== YOUR TASK ==
Write out the entries once more, exactly as they appear.

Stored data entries

--- --- ---

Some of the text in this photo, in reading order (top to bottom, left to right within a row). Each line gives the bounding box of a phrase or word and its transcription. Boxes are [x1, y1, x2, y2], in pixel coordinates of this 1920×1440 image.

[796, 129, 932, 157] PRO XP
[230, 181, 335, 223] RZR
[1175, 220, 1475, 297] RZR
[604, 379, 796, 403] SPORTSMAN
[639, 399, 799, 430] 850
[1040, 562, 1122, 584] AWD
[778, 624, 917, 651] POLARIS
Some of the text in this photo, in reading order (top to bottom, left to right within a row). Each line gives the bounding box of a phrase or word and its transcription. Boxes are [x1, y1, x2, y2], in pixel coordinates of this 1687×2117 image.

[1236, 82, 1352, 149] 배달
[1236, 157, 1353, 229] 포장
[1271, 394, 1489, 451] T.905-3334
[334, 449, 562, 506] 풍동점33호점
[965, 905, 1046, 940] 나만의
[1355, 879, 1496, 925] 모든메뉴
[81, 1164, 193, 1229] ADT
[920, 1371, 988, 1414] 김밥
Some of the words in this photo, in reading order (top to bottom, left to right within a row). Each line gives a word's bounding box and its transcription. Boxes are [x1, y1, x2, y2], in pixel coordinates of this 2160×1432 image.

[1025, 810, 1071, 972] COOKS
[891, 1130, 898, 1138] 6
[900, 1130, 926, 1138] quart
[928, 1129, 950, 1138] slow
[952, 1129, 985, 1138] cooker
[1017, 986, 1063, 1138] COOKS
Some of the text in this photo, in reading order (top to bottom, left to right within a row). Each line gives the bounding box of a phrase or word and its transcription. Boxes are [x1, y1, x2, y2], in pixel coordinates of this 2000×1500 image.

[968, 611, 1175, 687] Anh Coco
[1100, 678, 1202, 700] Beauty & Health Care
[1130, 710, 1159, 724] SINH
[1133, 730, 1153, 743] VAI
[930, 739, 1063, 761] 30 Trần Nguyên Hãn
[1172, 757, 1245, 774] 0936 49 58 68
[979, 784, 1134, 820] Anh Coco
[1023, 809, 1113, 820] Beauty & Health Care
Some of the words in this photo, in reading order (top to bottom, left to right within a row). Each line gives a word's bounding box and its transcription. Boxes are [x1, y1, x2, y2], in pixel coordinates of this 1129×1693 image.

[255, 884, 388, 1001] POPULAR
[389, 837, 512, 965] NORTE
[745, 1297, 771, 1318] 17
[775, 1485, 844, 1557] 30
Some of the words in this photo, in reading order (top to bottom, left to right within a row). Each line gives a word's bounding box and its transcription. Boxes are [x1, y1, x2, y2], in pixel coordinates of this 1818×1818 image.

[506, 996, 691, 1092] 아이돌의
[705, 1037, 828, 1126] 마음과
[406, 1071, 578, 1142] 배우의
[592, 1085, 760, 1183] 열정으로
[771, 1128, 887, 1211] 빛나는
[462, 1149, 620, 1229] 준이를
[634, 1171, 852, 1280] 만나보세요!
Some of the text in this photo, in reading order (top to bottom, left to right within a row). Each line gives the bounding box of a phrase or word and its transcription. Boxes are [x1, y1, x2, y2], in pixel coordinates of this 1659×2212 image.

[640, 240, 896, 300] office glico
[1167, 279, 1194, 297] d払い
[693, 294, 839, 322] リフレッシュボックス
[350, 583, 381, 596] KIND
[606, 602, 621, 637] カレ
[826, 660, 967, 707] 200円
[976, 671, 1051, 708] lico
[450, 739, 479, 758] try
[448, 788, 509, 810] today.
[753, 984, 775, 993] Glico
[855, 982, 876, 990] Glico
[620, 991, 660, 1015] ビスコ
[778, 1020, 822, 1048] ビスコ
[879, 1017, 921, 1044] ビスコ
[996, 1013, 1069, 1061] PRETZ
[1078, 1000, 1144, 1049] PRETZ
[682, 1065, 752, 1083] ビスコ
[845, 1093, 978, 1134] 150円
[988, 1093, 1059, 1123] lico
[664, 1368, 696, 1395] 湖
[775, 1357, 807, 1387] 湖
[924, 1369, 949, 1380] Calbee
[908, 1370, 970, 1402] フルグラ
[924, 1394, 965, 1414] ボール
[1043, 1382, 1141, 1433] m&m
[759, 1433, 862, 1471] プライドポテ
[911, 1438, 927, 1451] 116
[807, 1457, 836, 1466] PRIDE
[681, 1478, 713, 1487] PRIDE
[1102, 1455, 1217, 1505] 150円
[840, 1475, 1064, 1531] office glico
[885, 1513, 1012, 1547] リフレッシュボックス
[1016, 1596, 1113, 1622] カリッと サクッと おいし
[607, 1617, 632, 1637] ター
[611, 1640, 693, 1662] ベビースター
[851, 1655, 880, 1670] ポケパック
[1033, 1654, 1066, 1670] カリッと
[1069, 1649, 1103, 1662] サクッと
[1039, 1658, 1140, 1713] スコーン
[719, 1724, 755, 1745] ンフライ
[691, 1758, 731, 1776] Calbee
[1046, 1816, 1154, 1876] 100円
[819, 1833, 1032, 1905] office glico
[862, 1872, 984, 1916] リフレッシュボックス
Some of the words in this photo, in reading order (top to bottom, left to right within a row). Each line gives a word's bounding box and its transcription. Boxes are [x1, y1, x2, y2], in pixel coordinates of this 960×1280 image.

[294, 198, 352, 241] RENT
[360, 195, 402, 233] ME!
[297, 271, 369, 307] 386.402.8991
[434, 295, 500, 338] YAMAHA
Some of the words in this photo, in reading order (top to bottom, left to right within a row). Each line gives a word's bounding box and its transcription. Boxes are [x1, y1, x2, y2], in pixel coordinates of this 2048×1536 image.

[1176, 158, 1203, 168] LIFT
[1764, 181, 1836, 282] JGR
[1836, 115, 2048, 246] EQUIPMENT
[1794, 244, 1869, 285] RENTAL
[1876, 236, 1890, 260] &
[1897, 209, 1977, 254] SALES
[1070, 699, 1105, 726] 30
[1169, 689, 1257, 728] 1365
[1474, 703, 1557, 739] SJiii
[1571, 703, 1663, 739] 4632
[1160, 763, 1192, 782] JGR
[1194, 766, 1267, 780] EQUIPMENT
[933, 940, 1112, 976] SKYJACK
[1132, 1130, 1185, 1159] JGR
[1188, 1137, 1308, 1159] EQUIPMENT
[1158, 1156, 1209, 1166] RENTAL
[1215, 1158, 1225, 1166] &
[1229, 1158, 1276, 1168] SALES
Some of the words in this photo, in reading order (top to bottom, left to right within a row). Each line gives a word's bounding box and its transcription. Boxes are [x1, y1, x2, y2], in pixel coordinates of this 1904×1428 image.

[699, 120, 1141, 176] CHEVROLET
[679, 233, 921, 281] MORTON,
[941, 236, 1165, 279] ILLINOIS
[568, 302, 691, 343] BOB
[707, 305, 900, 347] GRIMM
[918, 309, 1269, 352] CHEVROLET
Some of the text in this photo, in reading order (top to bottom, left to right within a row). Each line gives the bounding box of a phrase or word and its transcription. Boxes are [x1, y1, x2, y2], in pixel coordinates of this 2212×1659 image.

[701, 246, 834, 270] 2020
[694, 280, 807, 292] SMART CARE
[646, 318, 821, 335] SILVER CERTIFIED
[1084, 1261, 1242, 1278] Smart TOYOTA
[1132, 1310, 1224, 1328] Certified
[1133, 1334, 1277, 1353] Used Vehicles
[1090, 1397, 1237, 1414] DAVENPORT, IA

--- --- ---

== EXERCISE SOLUTION ==
Some of the text in this photo, in reading order (top to bottom, left to right within a row). Each line gives the bounding box of a phrase or word and its transcription. Boxes are [x1, y1, x2, y2], in pixel coordinates of this 1920×1440 image.

[796, 129, 932, 157] PRO XP
[230, 181, 335, 223] RZR
[1175, 220, 1475, 297] RZR
[604, 379, 796, 403] SPORTSMAN
[639, 399, 799, 430] 850
[1040, 562, 1122, 584] AWD
[778, 624, 917, 651] POLARIS
Some of the text in this photo, in reading order (top to bottom, left to right within a row). Each line gives the bounding box of a phrase or word and its transcription. Boxes are [x1, y1, x2, y2], in pixel coordinates of this 1687×2117 image.

[1236, 82, 1352, 149] 배달
[1236, 157, 1353, 229] 포장
[1271, 394, 1489, 451] T.905-3334
[334, 449, 562, 506] 풍동점33호점
[965, 905, 1046, 940] 나만의
[1355, 879, 1496, 925] 모든메뉴
[81, 1164, 193, 1229] ADT
[920, 1371, 988, 1414] 김밥
Some of the words in this photo, in reading order (top to bottom, left to right within a row). Each line gives a word's bounding box and its transcription. Boxes are [x1, y1, x2, y2], in pixel coordinates of this 2160×1432 image.

[1025, 810, 1071, 972] COOKS
[891, 1130, 898, 1138] 6
[900, 1130, 926, 1138] quart
[928, 1129, 950, 1138] slow
[952, 1129, 985, 1138] cooker
[1017, 986, 1063, 1138] COOKS
Some of the text in this photo, in reading order (top to bottom, left to right within a row). Each line gives the bounding box of a phrase or word and its transcription. Boxes are [x1, y1, x2, y2], in pixel coordinates of this 2000×1500 image.

[968, 611, 1175, 687] Anh Coco
[1100, 678, 1202, 700] Beauty & Health Care
[1130, 710, 1159, 724] SINH
[1133, 730, 1153, 743] VAI
[930, 739, 1063, 761] 30 Trần Nguyên Hãn
[1172, 757, 1245, 774] 0936 49 58 68
[979, 784, 1134, 820] Anh Coco
[1023, 809, 1113, 820] Beauty & Health Care
Some of the words in this photo, in reading order (top to bottom, left to right within a row). Each line gives a word's bounding box and its transcription. Boxes are [x1, y1, x2, y2], in pixel coordinates of this 1129×1693 image.

[255, 884, 388, 1001] POPULAR
[389, 837, 512, 965] NORTE
[745, 1297, 771, 1318] 17
[775, 1485, 844, 1557] 30
Some of the words in this photo, in reading order (top to bottom, left to right within a row). Each line gives a word's bounding box and its transcription. Boxes are [x1, y1, x2, y2], in pixel coordinates of this 1818×1818 image.

[506, 996, 691, 1092] 아이돌의
[705, 1037, 828, 1126] 마음과
[406, 1071, 578, 1142] 배우의
[592, 1085, 760, 1183] 열정으로
[771, 1128, 887, 1211] 빛나는
[462, 1149, 620, 1229] 준이를
[634, 1171, 852, 1280] 만나보세요!
Some of the text in this photo, in reading order (top to bottom, left to right within a row). Each line gives the bounding box of a phrase or word and its transcription. Boxes are [x1, y1, x2, y2], in pixel coordinates of this 1659×2212 image.

[640, 240, 896, 300] office glico
[1167, 279, 1194, 297] d払い
[693, 294, 839, 322] リフレッシュボックス
[350, 583, 381, 596] KIND
[606, 602, 621, 637] カレ
[826, 660, 967, 707] 200円
[976, 671, 1051, 708] lico
[450, 739, 479, 758] try
[448, 788, 509, 810] today.
[753, 984, 775, 993] Glico
[855, 982, 876, 990] Glico
[620, 991, 660, 1015] ビスコ
[778, 1020, 822, 1048] ビスコ
[879, 1017, 921, 1044] ビスコ
[996, 1013, 1069, 1061] PRETZ
[1078, 1000, 1144, 1049] PRETZ
[682, 1065, 752, 1083] ビスコ
[845, 1093, 978, 1134] 150円
[988, 1093, 1059, 1123] lico
[664, 1368, 696, 1395] 湖
[775, 1357, 807, 1387] 湖
[924, 1369, 949, 1380] Calbee
[908, 1370, 970, 1402] フルグラ
[924, 1394, 965, 1414] ボール
[1043, 1382, 1141, 1433] m&m
[759, 1433, 862, 1471] プライドポテ
[911, 1438, 927, 1451] 116
[807, 1457, 836, 1466] PRIDE
[681, 1478, 713, 1487] PRIDE
[1102, 1455, 1217, 1505] 150円
[840, 1475, 1064, 1531] office glico
[885, 1513, 1012, 1547] リフレッシュボックス
[1016, 1596, 1113, 1622] カリッと サクッと おいし
[607, 1617, 632, 1637] ター
[611, 1640, 693, 1662] ベビースター
[851, 1655, 880, 1670] ポケパック
[1033, 1654, 1066, 1670] カリッと
[1069, 1649, 1103, 1662] サクッと
[1039, 1658, 1140, 1713] スコーン
[719, 1724, 755, 1745] ンフライ
[691, 1758, 731, 1776] Calbee
[1046, 1816, 1154, 1876] 100円
[819, 1833, 1032, 1905] office glico
[862, 1872, 984, 1916] リフレッシュボックス
Some of the words in this photo, in reading order (top to bottom, left to right within a row). Each line gives a word's bounding box and its transcription. Boxes are [x1, y1, x2, y2], in pixel coordinates of this 960×1280 image.

[294, 198, 352, 241] RENT
[360, 195, 402, 233] ME!
[297, 271, 369, 307] 386.402.8991
[434, 295, 500, 338] YAMAHA
Some of the words in this photo, in reading order (top to bottom, left to right within a row). Each line gives a word's bounding box and its transcription. Boxes are [x1, y1, x2, y2], in pixel coordinates of this 2048×1536 image.

[1176, 158, 1203, 168] LIFT
[1764, 181, 1836, 282] JGR
[1836, 115, 2048, 246] EQUIPMENT
[1794, 244, 1869, 285] RENTAL
[1876, 236, 1890, 260] &
[1897, 209, 1977, 254] SALES
[1070, 699, 1105, 726] 30
[1169, 689, 1257, 728] 1365
[1474, 703, 1557, 739] SJiii
[1571, 703, 1663, 739] 4632
[1160, 763, 1192, 782] JGR
[1194, 766, 1267, 780] EQUIPMENT
[933, 940, 1112, 976] SKYJACK
[1132, 1130, 1185, 1159] JGR
[1188, 1137, 1308, 1159] EQUIPMENT
[1158, 1156, 1209, 1166] RENTAL
[1215, 1158, 1225, 1166] &
[1229, 1158, 1276, 1168] SALES
Some of the words in this photo, in reading order (top to bottom, left to right within a row). Each line gives a word's bounding box and its transcription. Boxes are [x1, y1, x2, y2], in pixel coordinates of this 1904×1428 image.

[699, 120, 1141, 176] CHEVROLET
[679, 233, 921, 281] MORTON,
[941, 236, 1165, 279] ILLINOIS
[568, 302, 691, 343] BOB
[707, 305, 900, 347] GRIMM
[918, 309, 1269, 352] CHEVROLET
Some of the text in this photo, in reading order (top to bottom, left to right within a row). Each line gives the bounding box of a phrase or word and its transcription. Boxes are [x1, y1, x2, y2], in pixel coordinates of this 2212×1659 image.

[701, 246, 834, 270] 2020
[694, 280, 807, 292] SMART CARE
[646, 318, 821, 335] SILVER CERTIFIED
[1084, 1261, 1242, 1278] Smart TOYOTA
[1132, 1310, 1224, 1328] Certified
[1133, 1334, 1277, 1353] Used Vehicles
[1090, 1397, 1237, 1414] DAVENPORT, IA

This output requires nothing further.